June 15th, 2020 Last Updated on: June 15th, 2020
The 2020 United States Census is upon us. While the average response rate for the country as a whole is currently 60.8%, Native American tribes, such as the Navajo Nation, is under 1%.
A major reason why there is such a stark contrast between response rates is because Native tribes have been especially hard hit by COVID-19. Many were not even able to receive their 2020 Census to fill out.
However, deliveries have started to resume, but overall response rates for tribes like the Navajo Nation are very likely to stay significantly lower than the national average.
The Importance of the Census
The US Census is a questionnaire that can be filled out by mail, phone, or online. When filled out, it ensures that every individual is counted. It will also make sure they are counted at the right time at the correct location.
This year, the first person counted was an Alaskan Native American. This was done to send a message to the rest of Native Americans that the government is looking to ensure those who have been under-represented for so long will finally be counted.
Making sure that everyone, including Native Americans, is counted in the Census is vital for a number of reasons.

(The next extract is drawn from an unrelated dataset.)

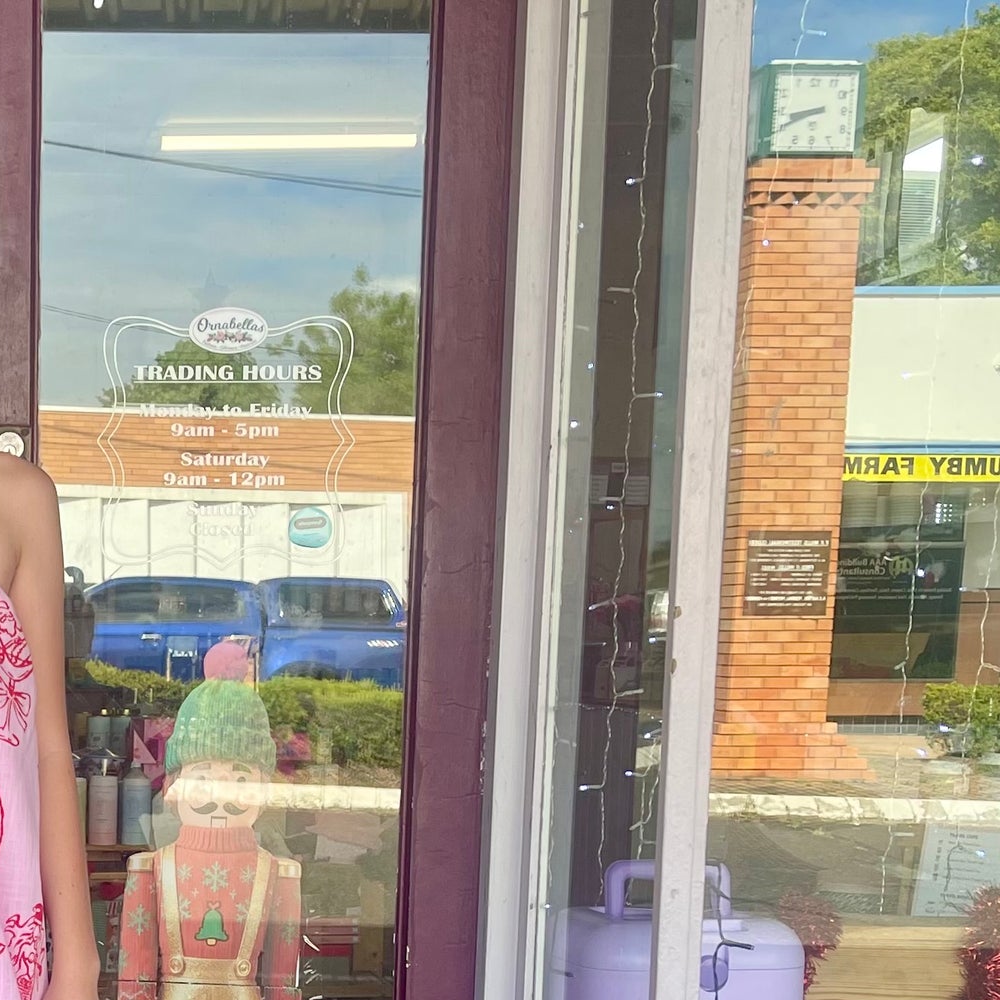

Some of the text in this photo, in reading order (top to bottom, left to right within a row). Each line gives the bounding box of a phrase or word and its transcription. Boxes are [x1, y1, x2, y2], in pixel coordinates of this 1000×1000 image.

One example that has become especially timely is that a state will receive more or less representation in the US House of Representatives, depending on their population. Montana is now facing an issue with not getting another representative for their state, due to the low Census response rate of Native Americans in the state. The Blackfeet Indian Reservation in Montana has seen just 7.3% of its residents fill out the Census. At the Northern Cheyenne Indian Reservation, also in Montana, only 3.6% responded.
The loss in political power is not the only issue involving an undercount of Native tribes. The Census population data is also used by a state's redistricting commission to redraw where legislative districts are. The reason this is important is because it will govern how billions of dollars in federal funding is used for a particular state. If there are less Native Americans being represented in the official Census figures, then they will likely receive far less federal funding than they should get.
This perpetuates the endless cycle of disenfranchisement and poverty that Native tribes across America face today. It causes schools to be funded and leads to people who need mental health services not to receive what can help them.
Beyond these, there are hundreds of various federal programs that are affected by the data collected from the Census. Altogether, there is $1.5 trillion of funding that is available annually. When Native Americans are undercounted, they receive a fraction of what they should be getting from these federal programs.
Native Americans have been historically under-represented in the US Census. The latest Census appears to be no different. In fact, the coronavirus appears to have made the under-representation even more pronounced.
Shape Our Future
For far too long, Native tribes have been underfunded and under-represented due to being undercounted. Due to the problem of being undercounted, the amount of resources flowing into Native American communities is far less than is needed. While there are concerted efforts being made by the US Census to get as many Native Americans counted as possible, the COVID-19 pandemic has made the process especially challenging. Nevertheless, there is some progress being made, but unfortunately, it may not be enough.